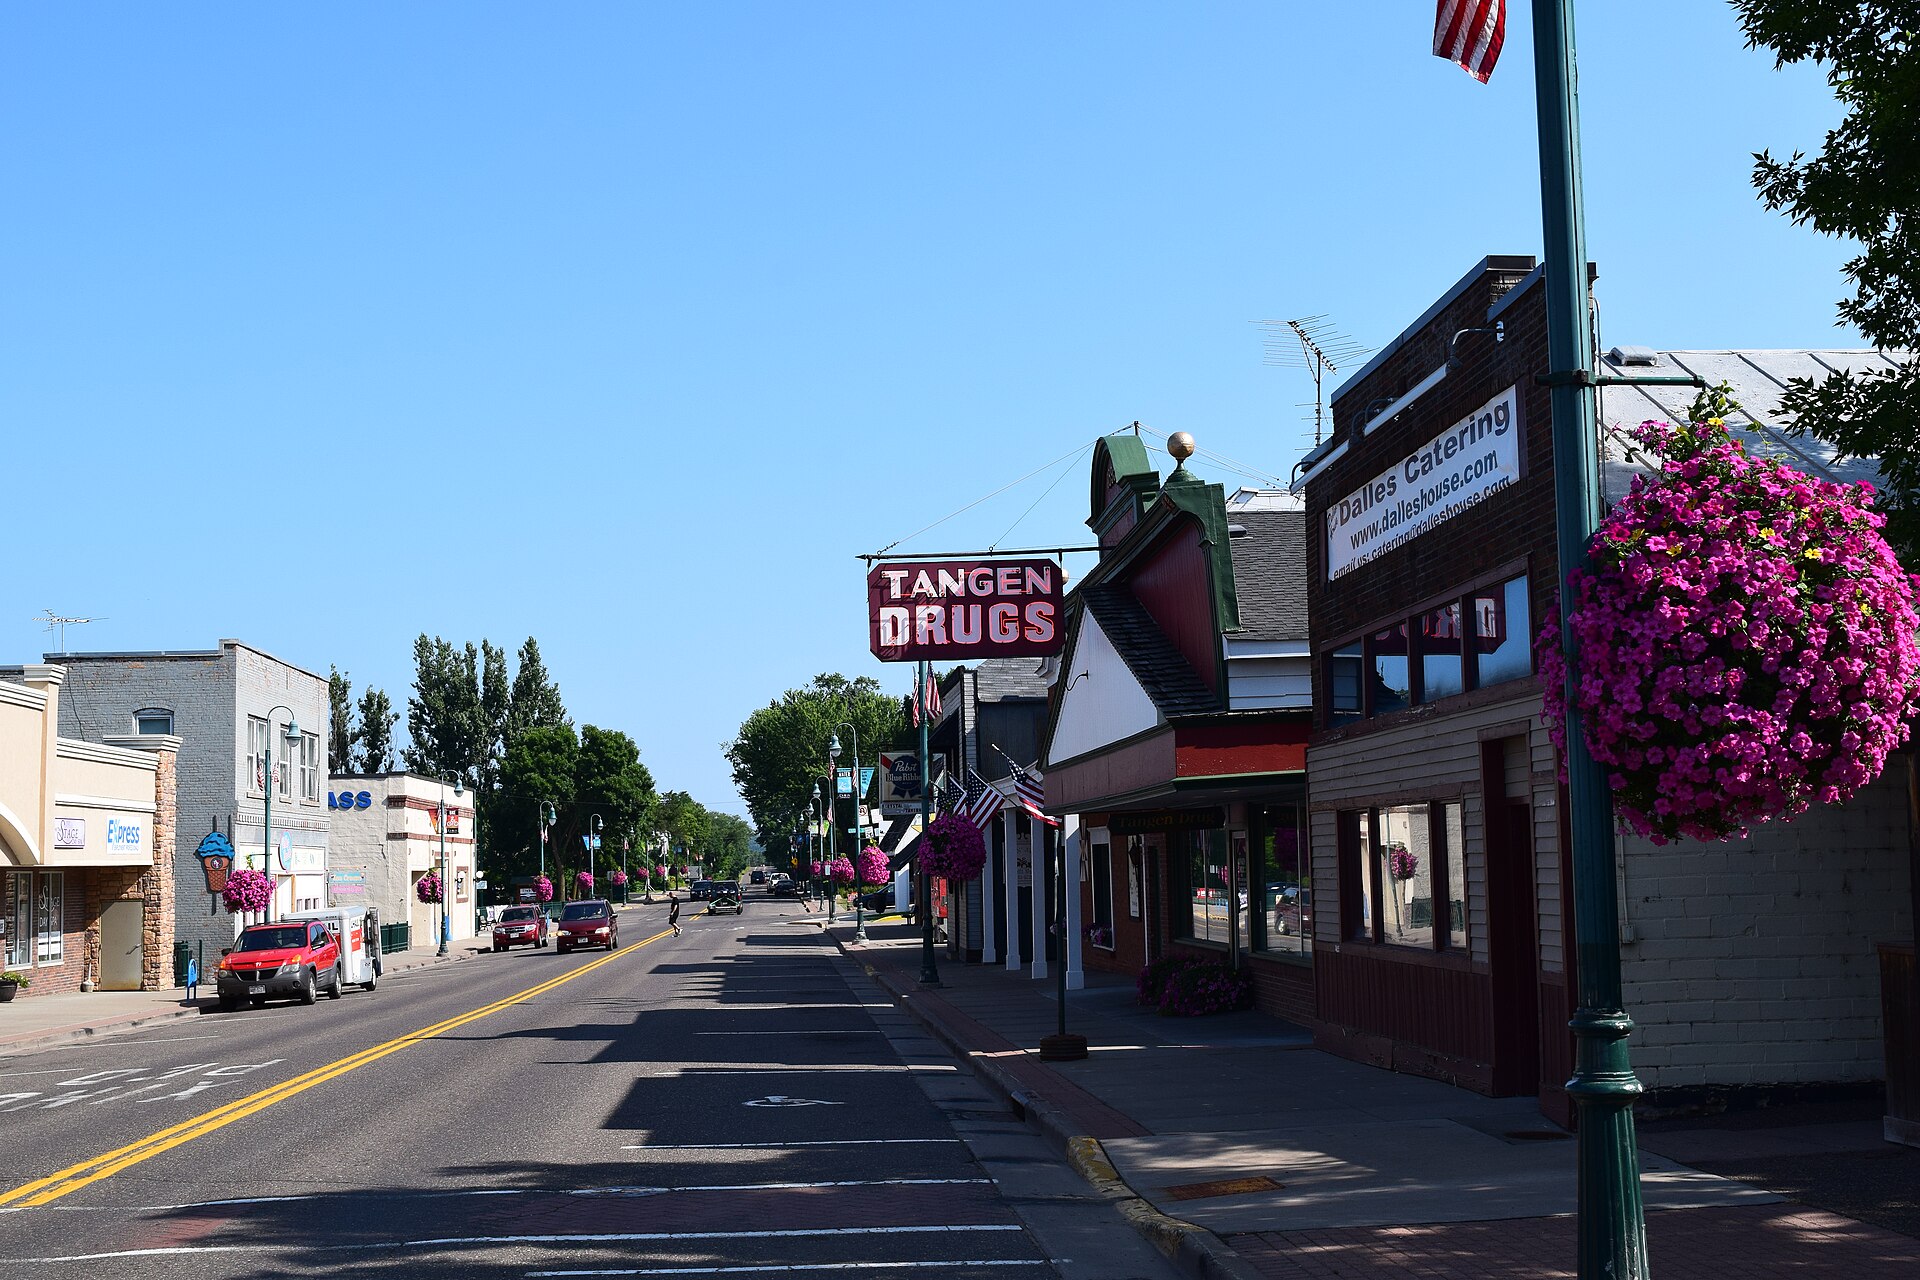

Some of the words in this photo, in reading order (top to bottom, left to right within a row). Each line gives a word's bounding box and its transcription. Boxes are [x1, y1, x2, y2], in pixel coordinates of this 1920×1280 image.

[1339, 475, 1396, 526] Dalles
[1404, 401, 1510, 484] Catering
[1350, 450, 1498, 550] www.dalleshouse.com
[881, 565, 1053, 599] TANGEN
[878, 602, 1056, 647] DRUGS
[886, 773, 902, 782] Blue
[903, 773, 922, 781] Ribb
[894, 760, 917, 772] Pabst
[1118, 814, 1174, 828] Tangen
[1178, 812, 1216, 825] Drug
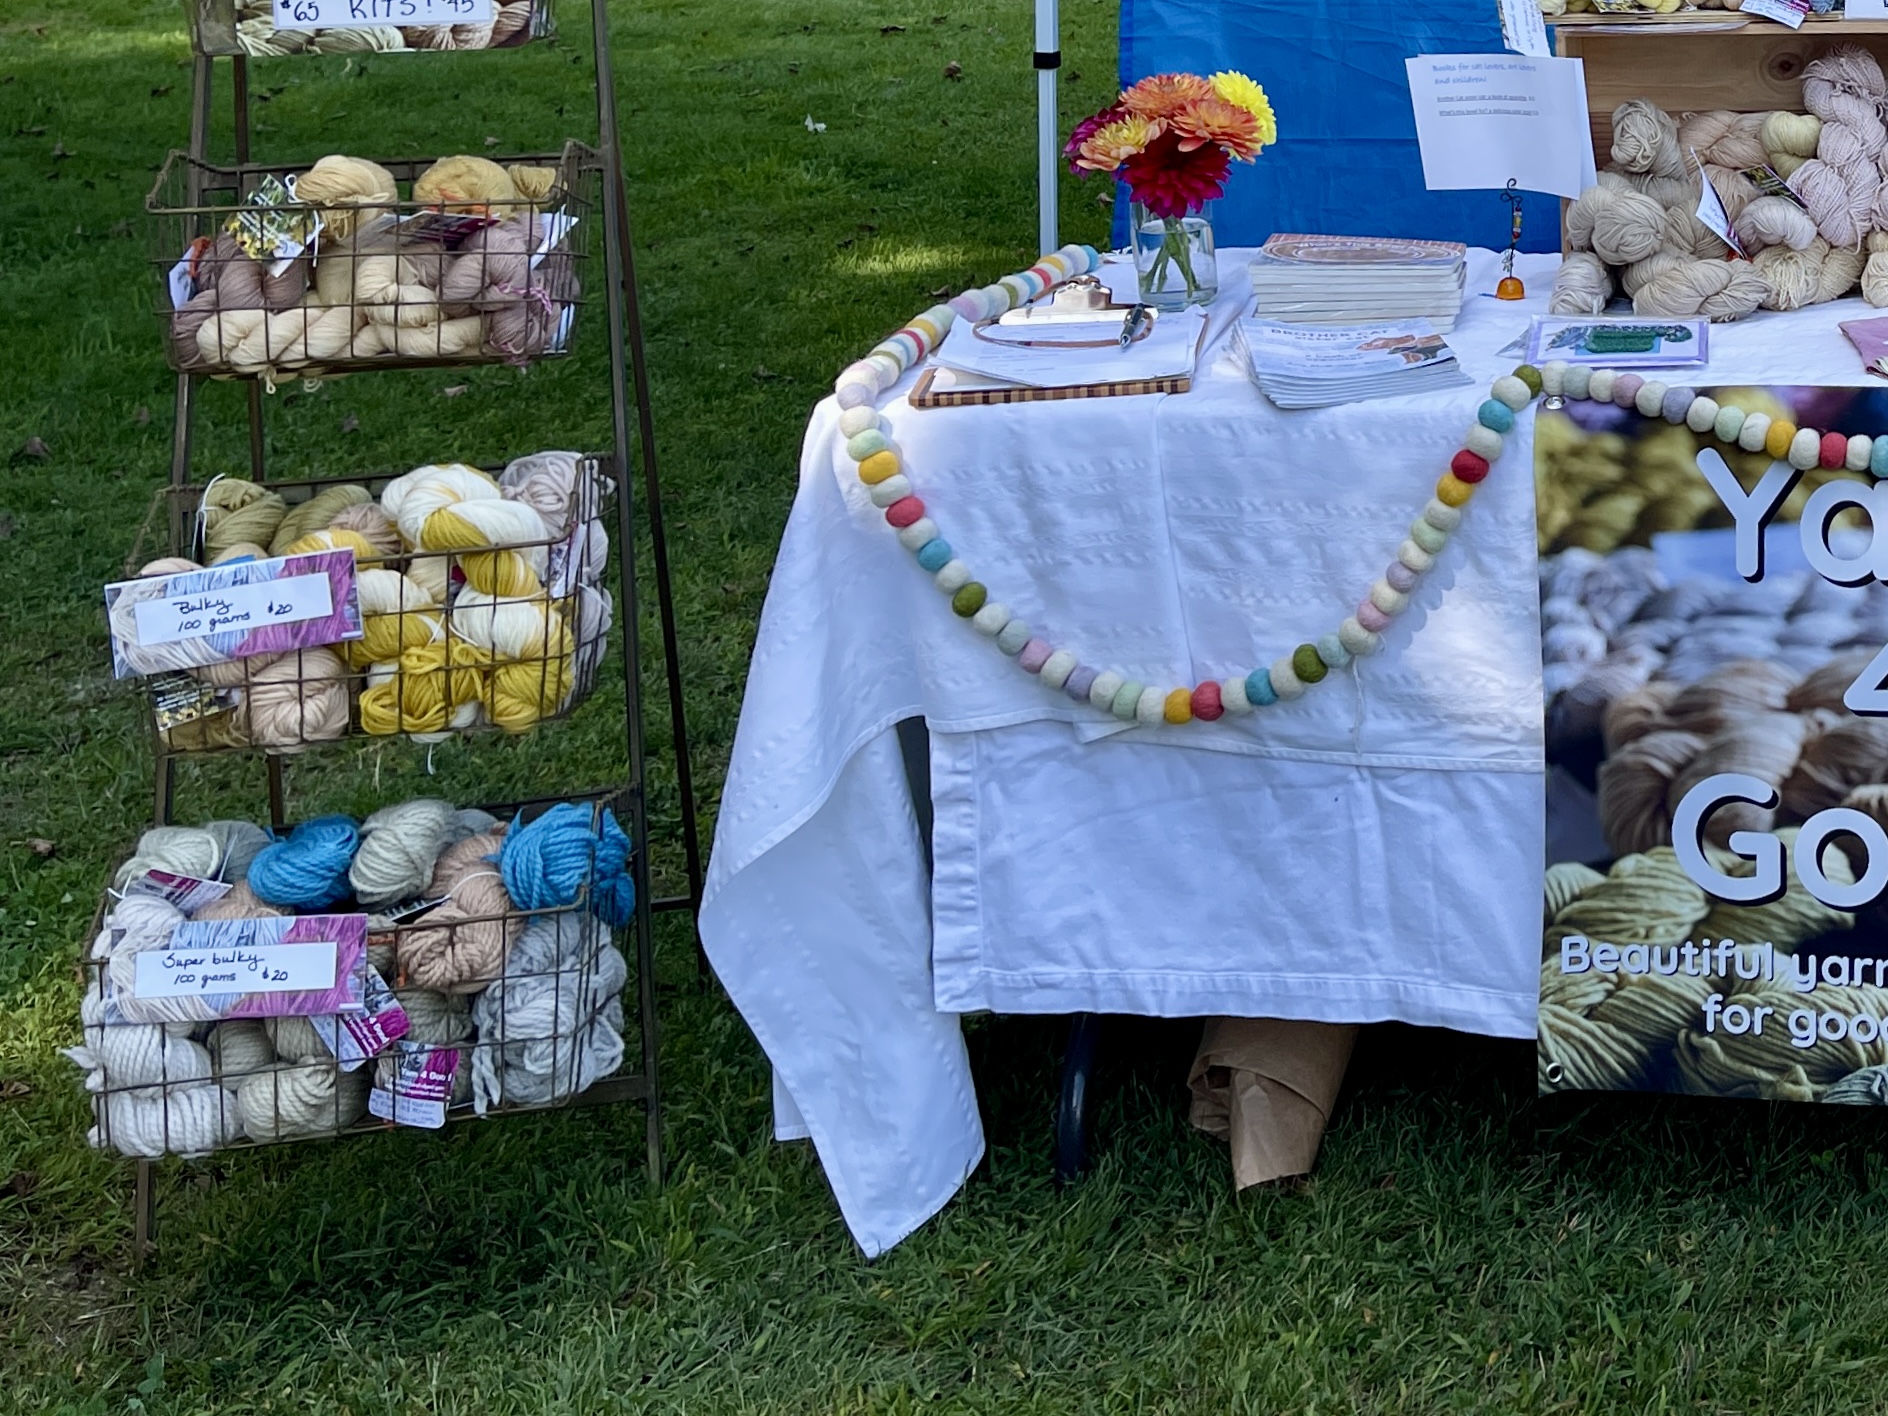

━━━

▶ **YOUR TASK**: Because only the text is wanted, copy each record above precisely and omit its pictures.

▶ **ANSWER BOX**:
Some of the words in this photo, in reading order (top to bottom, left to right within a row). Each line gives a word's bounding box and its transcription. Boxes are [x1, y1, x2, y2], in pixel coordinates of this 1920×1280 image.

[1339, 475, 1396, 526] Dalles
[1404, 401, 1510, 484] Catering
[1350, 450, 1498, 550] www.dalleshouse.com
[881, 565, 1053, 599] TANGEN
[878, 602, 1056, 647] DRUGS
[886, 773, 902, 782] Blue
[903, 773, 922, 781] Ribb
[894, 760, 917, 772] Pabst
[1118, 814, 1174, 828] Tangen
[1178, 812, 1216, 825] Drug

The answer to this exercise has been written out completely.